**TASK STATEMENT**
Where a line of the entries holds the string "الوطنية", copy that line.

ENTRIES SHOWN Block Start

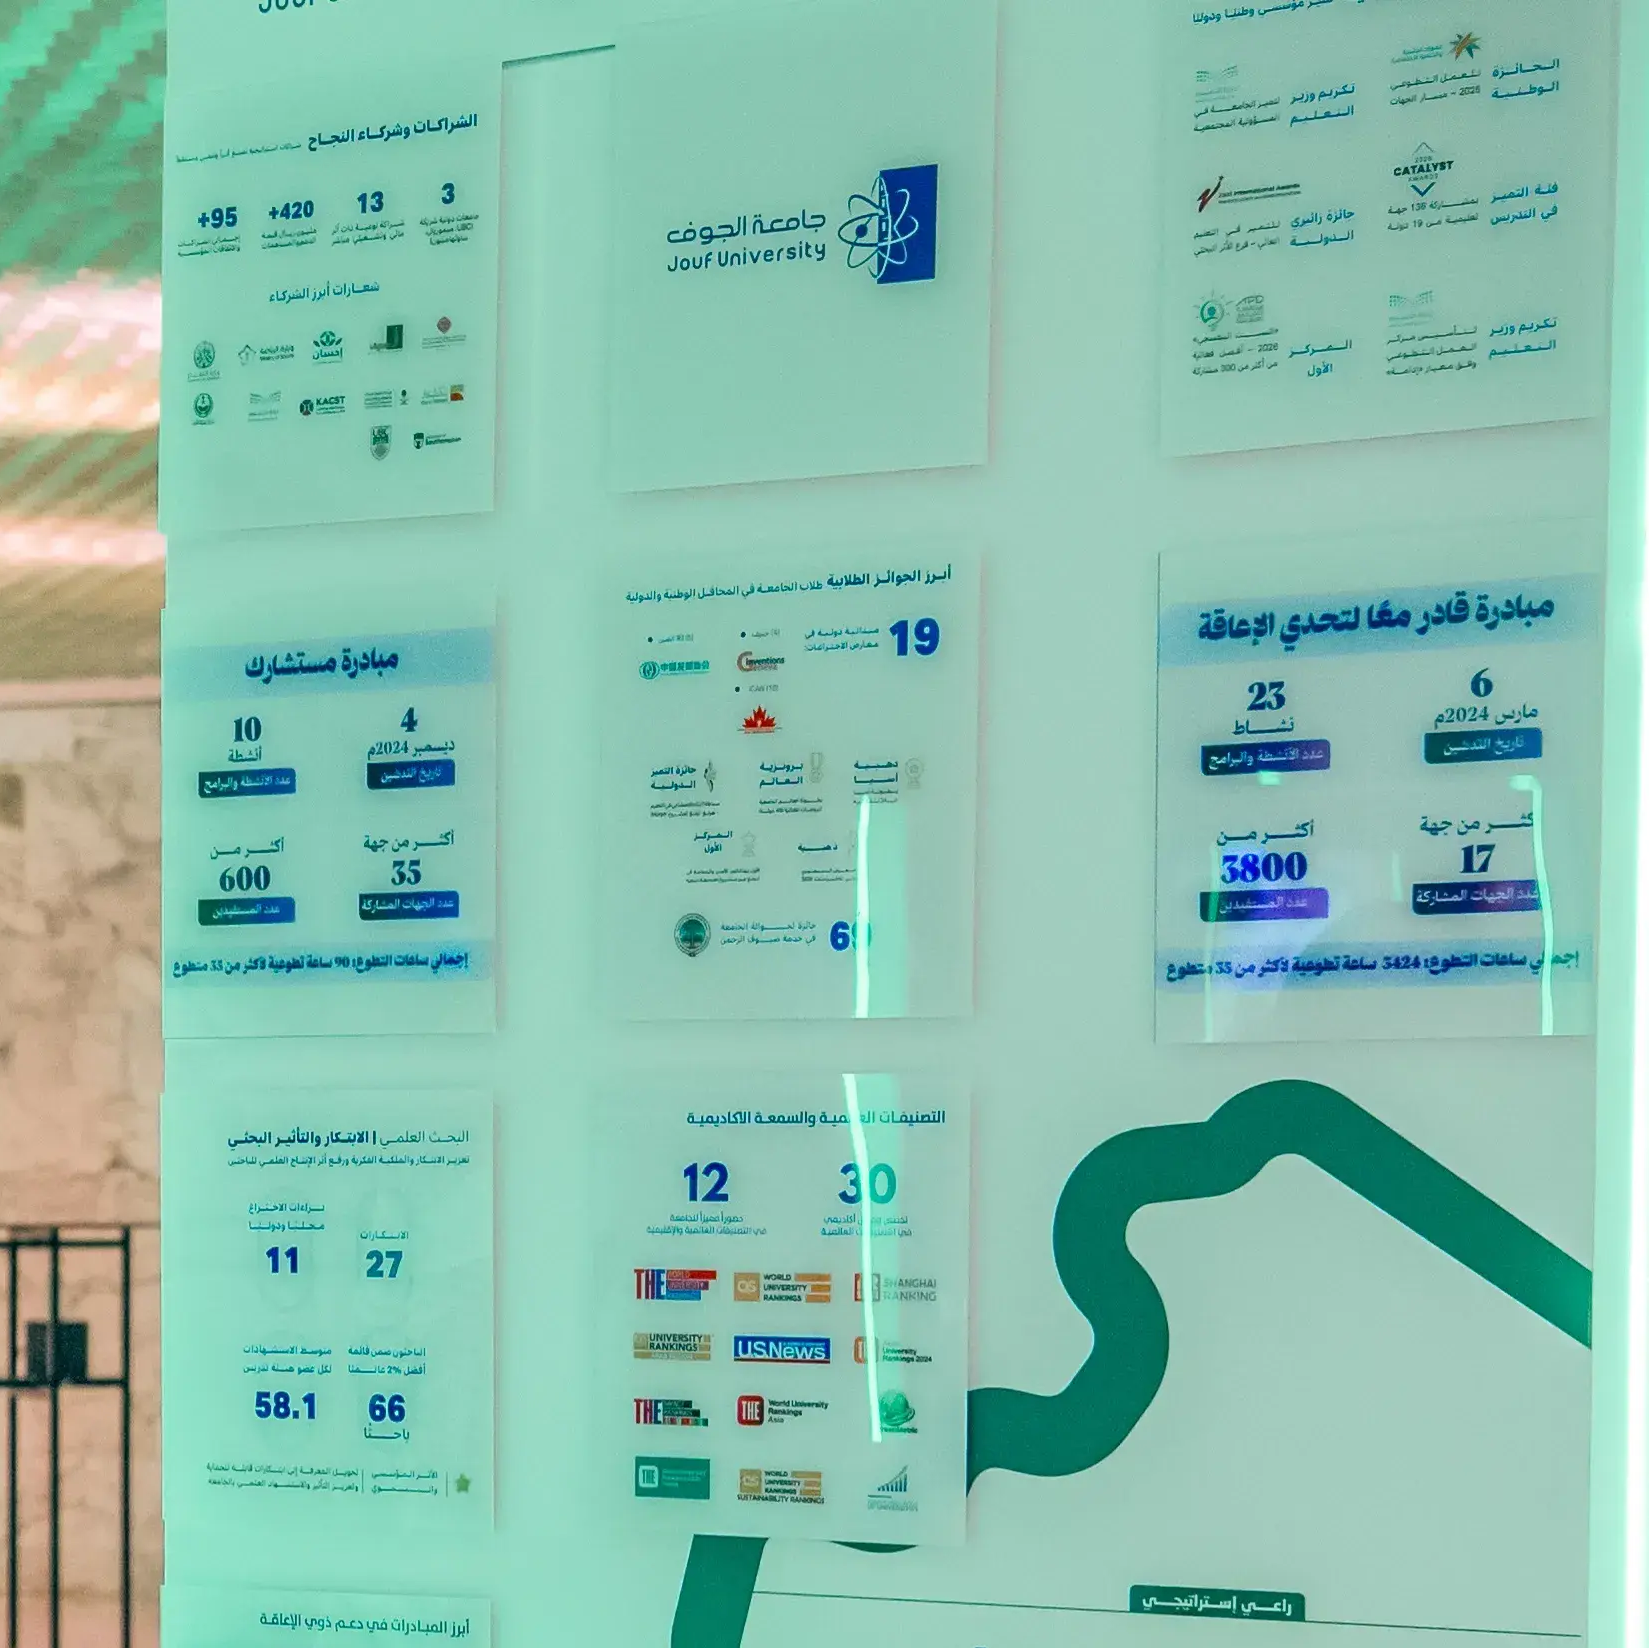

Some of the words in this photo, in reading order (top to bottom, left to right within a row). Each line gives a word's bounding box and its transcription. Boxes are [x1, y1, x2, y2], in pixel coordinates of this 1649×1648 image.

[1492, 59, 1560, 79] الجائزة
[1318, 83, 1355, 102] تكريم
[1491, 81, 1559, 99] الوطنية
[413, 113, 479, 135] الشراكات
[1290, 105, 1354, 127] التعليم
[308, 129, 355, 151] النجاح
[358, 121, 411, 140] وشركاء
[1394, 161, 1454, 176] CATALYST
[357, 191, 384, 213] 13
[441, 182, 455, 204] 3
[198, 207, 238, 229] +95
[268, 200, 314, 220] +420
[666, 216, 747, 245] الجوف
[752, 209, 826, 235] جامعة
[1290, 230, 1354, 247] الدولية
[667, 252, 712, 272] Jouf
[718, 240, 826, 268] University
[269, 287, 310, 304] الشركاء
[1518, 317, 1558, 335] تكريم
[1288, 340, 1352, 358] المركز
[1489, 339, 1556, 360] التعليم
[1307, 361, 1333, 378] الأول
[315, 396, 346, 406] KACST
[827, 573, 870, 590] الطلابية
[874, 568, 921, 590] الجوائز
[924, 563, 952, 585] أبرز
[663, 588, 696, 601] الوطنية
[757, 580, 798, 595] الجامعة
[1415, 590, 1471, 636] قادر
[1474, 592, 1556, 633] مبادرة
[889, 617, 941, 657] 19
[1198, 607, 1275, 647] الإعاقة
[1279, 605, 1361, 652] لتحدي
[244, 649, 337, 684] مستشارك
[341, 647, 399, 680] مبادرة
[1470, 667, 1494, 698] 6
[1246, 680, 1286, 713] 23
[400, 706, 418, 733] 4
[1493, 704, 1539, 726] مارس
[233, 716, 262, 743] 10
[1231, 717, 1295, 737] نشاط
[227, 746, 263, 763] أنشطة
[412, 740, 456, 757] ديسمبر
[1260, 818, 1315, 843] أكثر
[1419, 815, 1453, 835] جهة
[1456, 816, 1481, 835] من
[363, 836, 389, 852] جهة
[391, 837, 409, 851] من
[413, 829, 455, 852] أكثر
[1216, 827, 1256, 846] من
[210, 845, 241, 860] من
[243, 837, 285, 859] أكثر
[1220, 851, 1307, 885] 3800
[1459, 844, 1496, 874] 17
[219, 865, 271, 892] 600
[391, 859, 422, 886] 35
[755, 1111, 816, 1128] والسمعة
[228, 1131, 272, 1149] البحثي
[275, 1127, 321, 1148] والتأثير
[325, 1131, 369, 1148] الابتكار
[380, 1131, 425, 1149] العلمي
[429, 1130, 469, 1143] البحث
[684, 1161, 729, 1203] 12
[265, 1246, 299, 1275] 11
[365, 1249, 404, 1279] 27
[634, 1269, 667, 1300] THE
[763, 1273, 791, 1281] WORLD
[883, 1277, 936, 1289] SHANGHAI
[763, 1284, 807, 1292] UNIVERSITY
[763, 1294, 802, 1302] RANKINGS
[883, 1290, 936, 1301] RANKING
[649, 1334, 703, 1342] UNIVERSITY
[649, 1343, 698, 1351] RANKINGS
[883, 1347, 917, 1356] University
[255, 1391, 316, 1419] 58.1
[369, 1394, 406, 1422] 66
[634, 1398, 663, 1425] THE
[742, 1401, 760, 1420] THE
[768, 1399, 790, 1407] World
[791, 1400, 829, 1410] University
[768, 1408, 803, 1417] Rankings
[737, 1494, 789, 1503] SUSTAINABILITY
[790, 1495, 825, 1504] RANKINGS
[1240, 1593, 1294, 1620] راعي
[259, 1613, 302, 1632] الإعاقة
[305, 1614, 332, 1632] ذوي
[335, 1618, 364, 1633] دعم
[367, 1619, 388, 1634] في
[391, 1616, 448, 1636] المبادرات
[451, 1618, 470, 1638] أبرز

ENTRIES SHOWN Block End

**YOUR SOLUTION**
[1491, 81, 1559, 99] الوطنية
[663, 588, 696, 601] الوطنية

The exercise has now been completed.